So that the copy matches the original, write out every entry exactly.

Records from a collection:
________________________

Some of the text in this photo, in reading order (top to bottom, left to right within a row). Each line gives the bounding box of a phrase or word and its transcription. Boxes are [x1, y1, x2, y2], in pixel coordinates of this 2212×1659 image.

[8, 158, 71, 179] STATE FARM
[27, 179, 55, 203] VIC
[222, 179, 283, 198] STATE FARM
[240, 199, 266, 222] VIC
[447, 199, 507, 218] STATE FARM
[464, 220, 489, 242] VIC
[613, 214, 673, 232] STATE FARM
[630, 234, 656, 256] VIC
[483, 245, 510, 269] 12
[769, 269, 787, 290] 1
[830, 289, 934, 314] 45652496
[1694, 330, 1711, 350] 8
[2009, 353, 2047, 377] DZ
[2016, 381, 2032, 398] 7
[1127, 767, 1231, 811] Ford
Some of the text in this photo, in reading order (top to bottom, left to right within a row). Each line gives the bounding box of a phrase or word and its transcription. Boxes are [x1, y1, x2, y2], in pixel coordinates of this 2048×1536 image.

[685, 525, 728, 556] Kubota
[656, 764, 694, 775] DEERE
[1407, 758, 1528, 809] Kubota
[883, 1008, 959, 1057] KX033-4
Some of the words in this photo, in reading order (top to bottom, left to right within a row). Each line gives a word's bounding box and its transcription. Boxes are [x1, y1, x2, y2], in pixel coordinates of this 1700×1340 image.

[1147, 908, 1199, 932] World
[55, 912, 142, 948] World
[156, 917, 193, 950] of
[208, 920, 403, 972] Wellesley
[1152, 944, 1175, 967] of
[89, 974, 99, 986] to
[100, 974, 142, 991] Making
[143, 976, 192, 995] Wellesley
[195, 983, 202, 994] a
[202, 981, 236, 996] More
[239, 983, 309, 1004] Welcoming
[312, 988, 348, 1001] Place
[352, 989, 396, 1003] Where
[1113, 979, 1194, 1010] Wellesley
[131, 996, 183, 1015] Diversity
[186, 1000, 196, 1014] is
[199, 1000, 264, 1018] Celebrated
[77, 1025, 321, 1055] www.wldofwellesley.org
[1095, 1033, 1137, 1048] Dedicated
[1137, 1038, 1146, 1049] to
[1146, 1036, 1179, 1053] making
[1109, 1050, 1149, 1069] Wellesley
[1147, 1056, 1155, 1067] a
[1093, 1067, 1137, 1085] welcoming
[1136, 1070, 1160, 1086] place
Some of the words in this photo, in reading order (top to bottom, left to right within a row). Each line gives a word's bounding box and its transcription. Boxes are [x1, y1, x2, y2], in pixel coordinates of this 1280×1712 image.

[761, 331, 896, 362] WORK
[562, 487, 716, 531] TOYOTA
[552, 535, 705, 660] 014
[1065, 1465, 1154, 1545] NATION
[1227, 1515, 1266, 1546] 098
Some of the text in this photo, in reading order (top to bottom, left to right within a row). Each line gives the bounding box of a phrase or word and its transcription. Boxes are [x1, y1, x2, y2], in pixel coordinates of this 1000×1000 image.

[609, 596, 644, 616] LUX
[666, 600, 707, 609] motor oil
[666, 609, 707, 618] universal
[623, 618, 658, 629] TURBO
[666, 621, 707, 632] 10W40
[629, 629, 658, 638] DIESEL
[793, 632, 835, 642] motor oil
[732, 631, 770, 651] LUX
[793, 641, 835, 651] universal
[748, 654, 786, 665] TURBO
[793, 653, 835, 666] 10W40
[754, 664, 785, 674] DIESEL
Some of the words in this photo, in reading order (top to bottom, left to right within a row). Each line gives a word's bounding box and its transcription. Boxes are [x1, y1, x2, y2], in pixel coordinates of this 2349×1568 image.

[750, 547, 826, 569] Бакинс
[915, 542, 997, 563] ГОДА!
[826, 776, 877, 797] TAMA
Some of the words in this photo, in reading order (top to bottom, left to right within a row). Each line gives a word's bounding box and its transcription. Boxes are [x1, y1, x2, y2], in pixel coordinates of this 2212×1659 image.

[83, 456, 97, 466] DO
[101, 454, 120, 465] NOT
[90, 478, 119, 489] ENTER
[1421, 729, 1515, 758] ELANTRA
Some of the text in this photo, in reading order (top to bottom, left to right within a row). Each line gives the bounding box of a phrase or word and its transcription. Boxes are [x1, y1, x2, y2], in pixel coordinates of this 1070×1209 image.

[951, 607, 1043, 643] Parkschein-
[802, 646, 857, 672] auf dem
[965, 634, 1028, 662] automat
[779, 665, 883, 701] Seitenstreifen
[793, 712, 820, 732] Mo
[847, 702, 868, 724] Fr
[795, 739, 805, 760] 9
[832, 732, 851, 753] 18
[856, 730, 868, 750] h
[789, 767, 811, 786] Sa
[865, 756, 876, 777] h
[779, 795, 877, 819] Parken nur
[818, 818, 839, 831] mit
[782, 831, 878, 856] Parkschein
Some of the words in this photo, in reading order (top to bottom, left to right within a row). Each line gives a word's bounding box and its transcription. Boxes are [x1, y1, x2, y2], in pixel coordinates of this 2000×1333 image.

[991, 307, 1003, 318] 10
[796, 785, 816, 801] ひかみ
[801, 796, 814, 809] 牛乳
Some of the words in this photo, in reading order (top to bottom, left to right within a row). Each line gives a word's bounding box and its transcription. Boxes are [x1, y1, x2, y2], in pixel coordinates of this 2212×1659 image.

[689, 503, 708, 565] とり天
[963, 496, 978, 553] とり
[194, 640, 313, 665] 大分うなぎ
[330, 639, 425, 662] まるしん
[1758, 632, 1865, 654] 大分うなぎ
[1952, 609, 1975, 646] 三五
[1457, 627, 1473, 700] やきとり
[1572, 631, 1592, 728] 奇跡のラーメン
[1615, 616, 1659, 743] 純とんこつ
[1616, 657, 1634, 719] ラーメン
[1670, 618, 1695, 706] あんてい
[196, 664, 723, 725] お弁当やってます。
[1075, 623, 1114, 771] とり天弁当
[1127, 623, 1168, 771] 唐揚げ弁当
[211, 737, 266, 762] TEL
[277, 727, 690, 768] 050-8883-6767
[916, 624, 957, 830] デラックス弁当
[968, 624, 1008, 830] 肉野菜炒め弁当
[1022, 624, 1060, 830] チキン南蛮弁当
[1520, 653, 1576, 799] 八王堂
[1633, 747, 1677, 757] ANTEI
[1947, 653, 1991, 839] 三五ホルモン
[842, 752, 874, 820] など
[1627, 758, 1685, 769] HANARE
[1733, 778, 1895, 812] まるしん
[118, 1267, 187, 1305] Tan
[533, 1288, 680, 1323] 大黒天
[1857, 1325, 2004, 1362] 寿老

________________________

EXERCISE OUTPUT ::
Some of the text in this photo, in reading order (top to bottom, left to right within a row). Each line gives the bounding box of a phrase or word and its transcription. Boxes are [x1, y1, x2, y2], in pixel coordinates of this 2212×1659 image.

[8, 158, 71, 179] STATE FARM
[27, 179, 55, 203] VIC
[222, 179, 283, 198] STATE FARM
[240, 199, 266, 222] VIC
[447, 199, 507, 218] STATE FARM
[464, 220, 489, 242] VIC
[613, 214, 673, 232] STATE FARM
[630, 234, 656, 256] VIC
[483, 245, 510, 269] 12
[769, 269, 787, 290] 1
[830, 289, 934, 314] 45652496
[1694, 330, 1711, 350] 8
[2009, 353, 2047, 377] DZ
[2016, 381, 2032, 398] 7
[1127, 767, 1231, 811] Ford
Some of the text in this photo, in reading order (top to bottom, left to right within a row). Each line gives the bounding box of a phrase or word and its transcription. Boxes are [x1, y1, x2, y2], in pixel coordinates of this 2048×1536 image.

[685, 525, 728, 556] Kubota
[656, 764, 694, 775] DEERE
[1407, 758, 1528, 809] Kubota
[883, 1008, 959, 1057] KX033-4
Some of the words in this photo, in reading order (top to bottom, left to right within a row). Each line gives a word's bounding box and its transcription. Boxes are [x1, y1, x2, y2], in pixel coordinates of this 1700×1340 image.

[1147, 908, 1199, 932] World
[55, 912, 142, 948] World
[156, 917, 193, 950] of
[208, 920, 403, 972] Wellesley
[1152, 944, 1175, 967] of
[89, 974, 99, 986] to
[100, 974, 142, 991] Making
[143, 976, 192, 995] Wellesley
[195, 983, 202, 994] a
[202, 981, 236, 996] More
[239, 983, 309, 1004] Welcoming
[312, 988, 348, 1001] Place
[352, 989, 396, 1003] Where
[1113, 979, 1194, 1010] Wellesley
[131, 996, 183, 1015] Diversity
[186, 1000, 196, 1014] is
[199, 1000, 264, 1018] Celebrated
[77, 1025, 321, 1055] www.wldofwellesley.org
[1095, 1033, 1137, 1048] Dedicated
[1137, 1038, 1146, 1049] to
[1146, 1036, 1179, 1053] making
[1109, 1050, 1149, 1069] Wellesley
[1147, 1056, 1155, 1067] a
[1093, 1067, 1137, 1085] welcoming
[1136, 1070, 1160, 1086] place
Some of the words in this photo, in reading order (top to bottom, left to right within a row). Each line gives a word's bounding box and its transcription. Boxes are [x1, y1, x2, y2], in pixel coordinates of this 1280×1712 image.

[761, 331, 896, 362] WORK
[562, 487, 716, 531] TOYOTA
[552, 535, 705, 660] 014
[1065, 1465, 1154, 1545] NATION
[1227, 1515, 1266, 1546] 098
Some of the text in this photo, in reading order (top to bottom, left to right within a row). Each line gives the bounding box of a phrase or word and its transcription. Boxes are [x1, y1, x2, y2], in pixel coordinates of this 1000×1000 image.

[609, 596, 644, 616] LUX
[666, 600, 707, 609] motor oil
[666, 609, 707, 618] universal
[623, 618, 658, 629] TURBO
[666, 621, 707, 632] 10W40
[629, 629, 658, 638] DIESEL
[793, 632, 835, 642] motor oil
[732, 631, 770, 651] LUX
[793, 641, 835, 651] universal
[748, 654, 786, 665] TURBO
[793, 653, 835, 666] 10W40
[754, 664, 785, 674] DIESEL
Some of the words in this photo, in reading order (top to bottom, left to right within a row). Each line gives a word's bounding box and its transcription. Boxes are [x1, y1, x2, y2], in pixel coordinates of this 2349×1568 image.

[750, 547, 826, 569] Бакинс
[915, 542, 997, 563] ГОДА!
[826, 776, 877, 797] TAMA
Some of the words in this photo, in reading order (top to bottom, left to right within a row). Each line gives a word's bounding box and its transcription. Boxes are [x1, y1, x2, y2], in pixel coordinates of this 2212×1659 image.

[83, 456, 97, 466] DO
[101, 454, 120, 465] NOT
[90, 478, 119, 489] ENTER
[1421, 729, 1515, 758] ELANTRA
Some of the text in this photo, in reading order (top to bottom, left to right within a row). Each line gives the bounding box of a phrase or word and its transcription. Boxes are [x1, y1, x2, y2], in pixel coordinates of this 1070×1209 image.

[951, 607, 1043, 643] Parkschein-
[802, 646, 857, 672] auf dem
[965, 634, 1028, 662] automat
[779, 665, 883, 701] Seitenstreifen
[793, 712, 820, 732] Mo
[847, 702, 868, 724] Fr
[795, 739, 805, 760] 9
[832, 732, 851, 753] 18
[856, 730, 868, 750] h
[789, 767, 811, 786] Sa
[865, 756, 876, 777] h
[779, 795, 877, 819] Parken nur
[818, 818, 839, 831] mit
[782, 831, 878, 856] Parkschein
Some of the words in this photo, in reading order (top to bottom, left to right within a row). Each line gives a word's bounding box and its transcription. Boxes are [x1, y1, x2, y2], in pixel coordinates of this 2000×1333 image.

[991, 307, 1003, 318] 10
[796, 785, 816, 801] ひかみ
[801, 796, 814, 809] 牛乳
Some of the words in this photo, in reading order (top to bottom, left to right within a row). Each line gives a word's bounding box and its transcription. Boxes are [x1, y1, x2, y2], in pixel coordinates of this 2212×1659 image.

[689, 503, 708, 565] とり天
[963, 496, 978, 553] とり
[194, 640, 313, 665] 大分うなぎ
[330, 639, 425, 662] まるしん
[1758, 632, 1865, 654] 大分うなぎ
[1952, 609, 1975, 646] 三五
[1457, 627, 1473, 700] やきとり
[1572, 631, 1592, 728] 奇跡のラーメン
[1615, 616, 1659, 743] 純とんこつ
[1616, 657, 1634, 719] ラーメン
[1670, 618, 1695, 706] あんてい
[196, 664, 723, 725] お弁当やってます。
[1075, 623, 1114, 771] とり天弁当
[1127, 623, 1168, 771] 唐揚げ弁当
[211, 737, 266, 762] TEL
[277, 727, 690, 768] 050-8883-6767
[916, 624, 957, 830] デラックス弁当
[968, 624, 1008, 830] 肉野菜炒め弁当
[1022, 624, 1060, 830] チキン南蛮弁当
[1520, 653, 1576, 799] 八王堂
[1633, 747, 1677, 757] ANTEI
[1947, 653, 1991, 839] 三五ホルモン
[842, 752, 874, 820] など
[1627, 758, 1685, 769] HANARE
[1733, 778, 1895, 812] まるしん
[118, 1267, 187, 1305] Tan
[533, 1288, 680, 1323] 大黒天
[1857, 1325, 2004, 1362] 寿老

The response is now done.